Recientemente tuve que hacer el análisis forense de un servidor de mi organización que había sufrido una intrusión.

El vector de entrada resultó evidente en cuanto pude cruzar unas cuantas palabras con el administrador de la máquina... una vez más, una enorme inversión en infraestructura de seguridad había sido anulada por un administrador que había pasado de nuestras recomendaciones y había utilizado una palabra de diccionario como contraseña. El ataque había sido de manual. Los logs anunciaban una fase de ataque de fuerza bruta, seguidas finalmente por "logueos" desde direcciones IP de otros países. Pronto localicé en un directorio oculto un paquete de herramientas de escaneo de redes y de ataques de fuerza bruta. Por los que pudimos ver no parecía que les hubiese dado tiempo a utilizar el servidor comprometido como puente hacia nuestra red.

Visto lo visto decidimos formatear la máquina, reinstalarla, parchearla, limitar al máximo los servicios que corría y asegurarnos de que el administrador ponía una contraseña solvente... sin contar con hacer un poco más exigentes los umbrales de nuestro IDS/IPS.

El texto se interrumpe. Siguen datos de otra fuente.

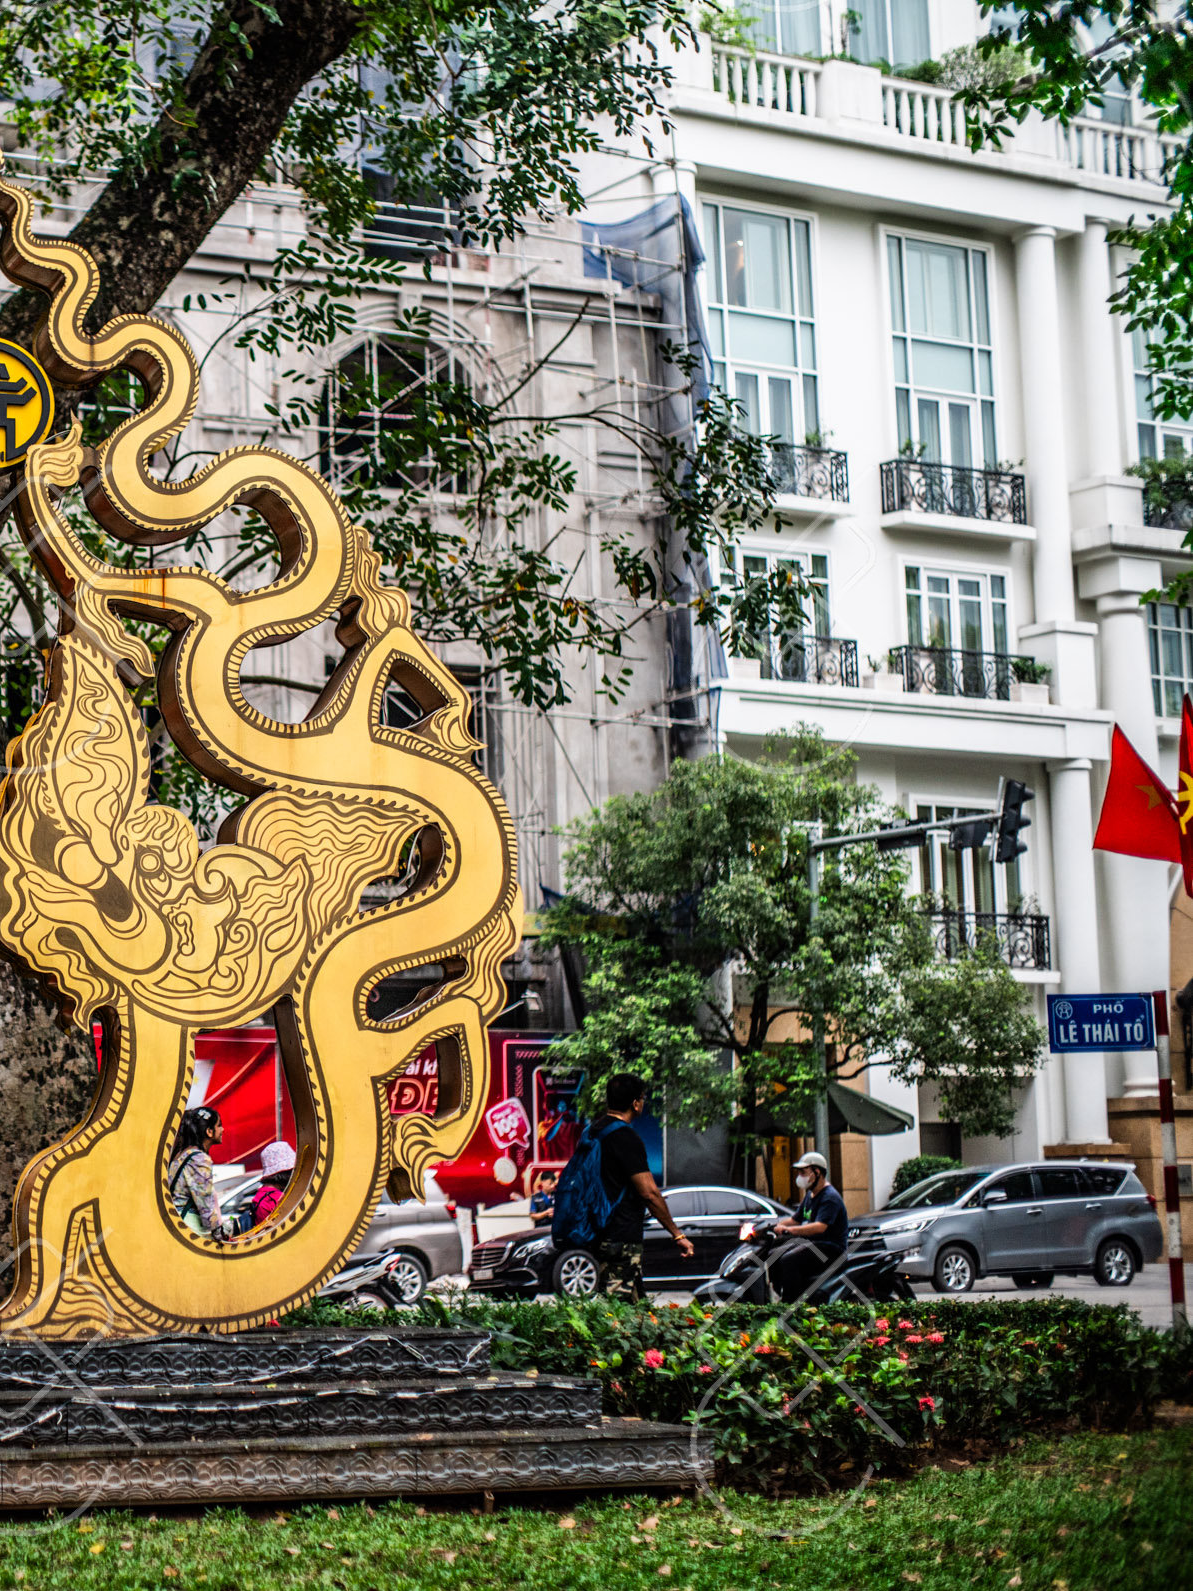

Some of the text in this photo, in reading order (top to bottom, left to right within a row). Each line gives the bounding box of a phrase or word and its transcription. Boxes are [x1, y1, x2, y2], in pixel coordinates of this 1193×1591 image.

[1059, 1014, 1145, 1044] LÊ THÁI TỔ

Nada se salía de la rutina... y eso fue lo que me hizo darle vueltas a la posibilidad de que todo aquello no hubiera sido más que un señuelo. Todo estaba tan claro desde que el administrador me había dicho su contraseña que cuando encontré la carpeta oculta e hice una búsqueda de timestamps "demasiado actuales" en el sistema (sin resultado) dí por cerrada la investigación (otras cosas urgían). El problema es que los "timestamps" o marcas temporales de modificación de los ficheros no son nada fiables. A pesar de eso, muchos programas de análisis forense como Autopsy/SleuthKit o Forensics Toolkit utilizan las marcas de tiempo de los ficheros para elaborar los llamados timelines que permiten seguir el rastro de modificaciones que va realizando el intruso. En el caso del ataque que me tocó investigar había un rastro de marcas de tiempo muy claro. Sin embargo, pensándolo en frío, aquel rastro denotaba o bien que el atacante era muy descuidado o que dejó una pista falsa para que la siguiese.

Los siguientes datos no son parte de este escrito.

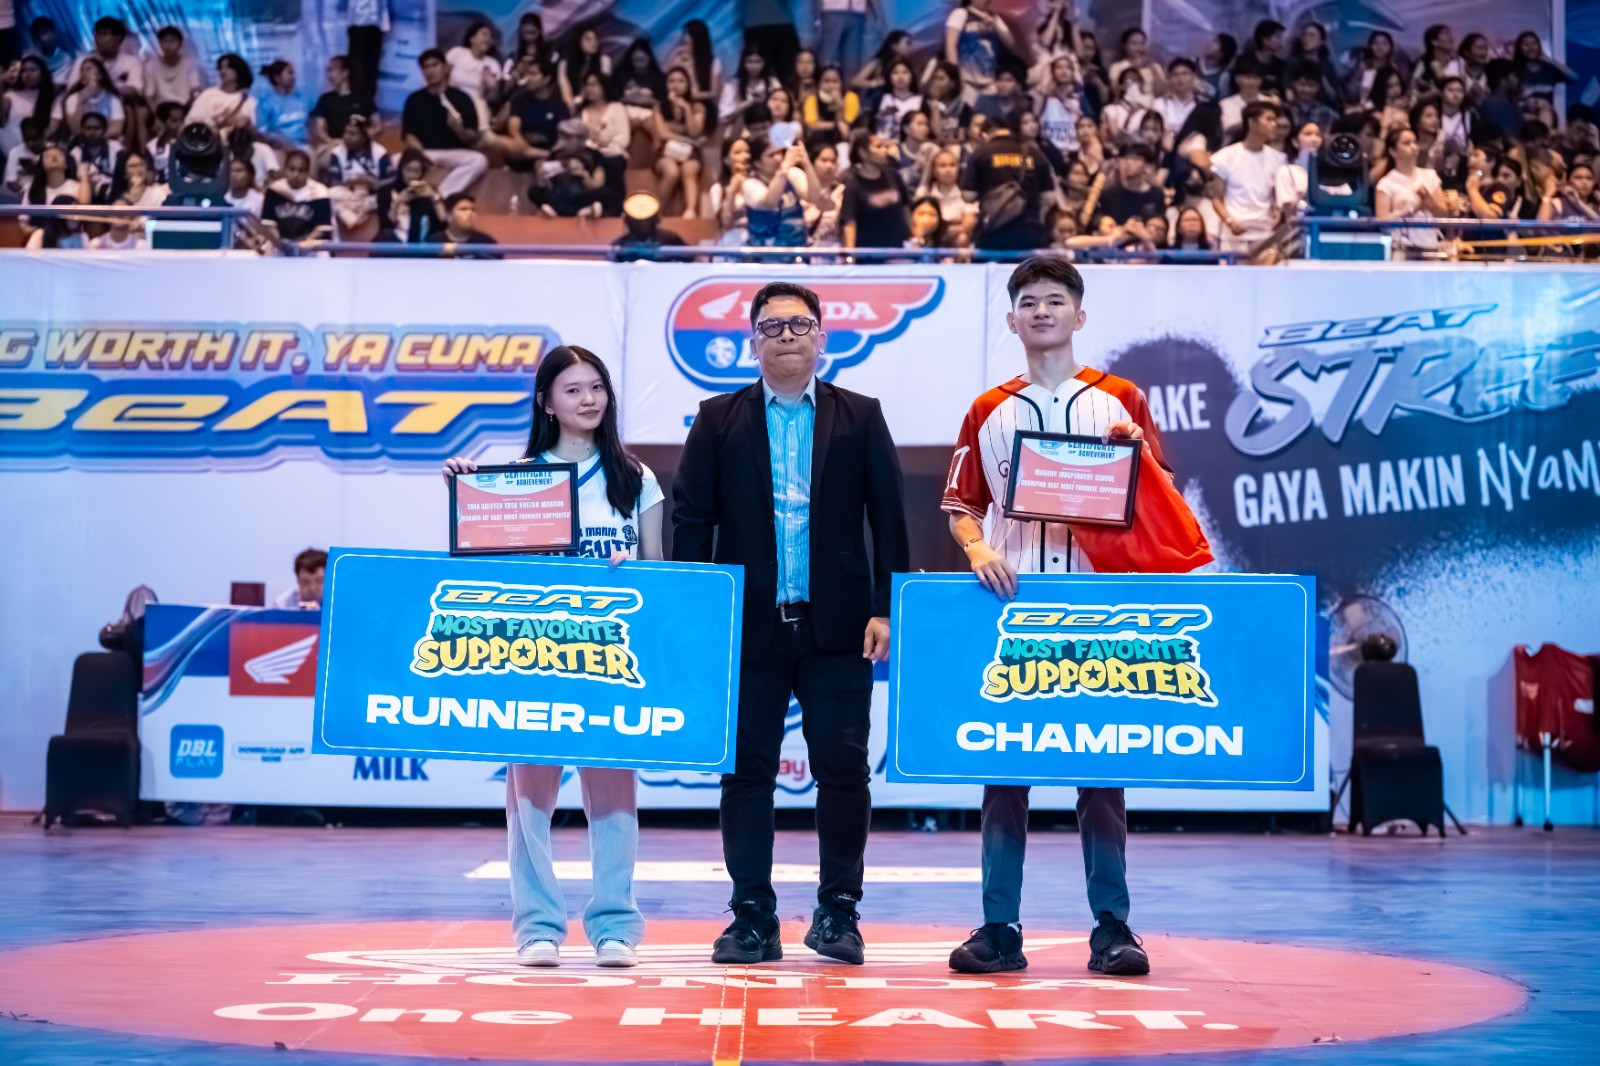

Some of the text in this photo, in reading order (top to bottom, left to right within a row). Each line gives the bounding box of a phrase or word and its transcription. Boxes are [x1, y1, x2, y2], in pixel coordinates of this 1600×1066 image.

Al fin y al cabo, falsificar la marca de tiempo de un fichero no es nada difícil. Por ejemplo, si creamos un fichero, este tendrá como marca de tiempo la fecha y la hora de nuestro equipo en ese momento. Cada vez que modifiquemos el fichero la marca de tiempo se actualizará a la fecha y hora a la que se realice la modificación. Teniendo en cuenta que gran parte de los ficheros de un servidor permanecen sin modificarse largos periodos de tiempo sus marcas de tiempo suelen ser muy antiguas, por eso una modificación reciente por parte de un intruso suele llamar poderosamente la atención. Sin embargo, si el atacante es cuidadoso utilizará la orden touch para poner su antigua marca de tiempo a todos los archivos que vaya modificando. Veamos un ejemplo, supongamos que creamos un fichero de prueba:

dante@dante-desktop:~/pruebas$ echo prueba > test.txt dante@dante-desktop:~/pruebas$ ls -l test.txt -rw-r--r-- 1 dante dante 7 2008-03-01 06:18 test.txt

Tras unos minutos modificamos el fichero que acabamos de crear:

dante@dante-desktop:~/pruebas$ echo prueba2 >> test.txt dante@dante-desktop:~/pruebas$ ls -l test.txt -rw-r--r-- 1 dante dante 15 2008-03-01 06:22 test.txt

Como se puede ver, la marca de tiempo se ha actualizado.Si quisiéramos ocultar esta modificación falsificando la marca de tiempos no tendríamos más que usar el comando touch:

dante@dante-desktop:~/pruebas$ touch -t 03010618 test.txt dante@dante-desktop:~/pruebas$ ls -l test.txt -rw-r--r-- 1 dante dante 15 2008-03-01 06:18 test.txt

Esta funcionalidad es fácilmente integrable en scripts que permitan restaurar las marcas de tiempo de directorios enteros. Como demostración de ello desarrollé en su momento TSpoofer, una herramienta hecha en python que permite recopilar las marcas de tiempo de los ficheros y directorios que cuelguen del que definamos de tal manera que se puedan restablecer dichas marcas de tiempo tras realizar modificaciones los ficheros anulando con ello el rastro que captarían los timelines.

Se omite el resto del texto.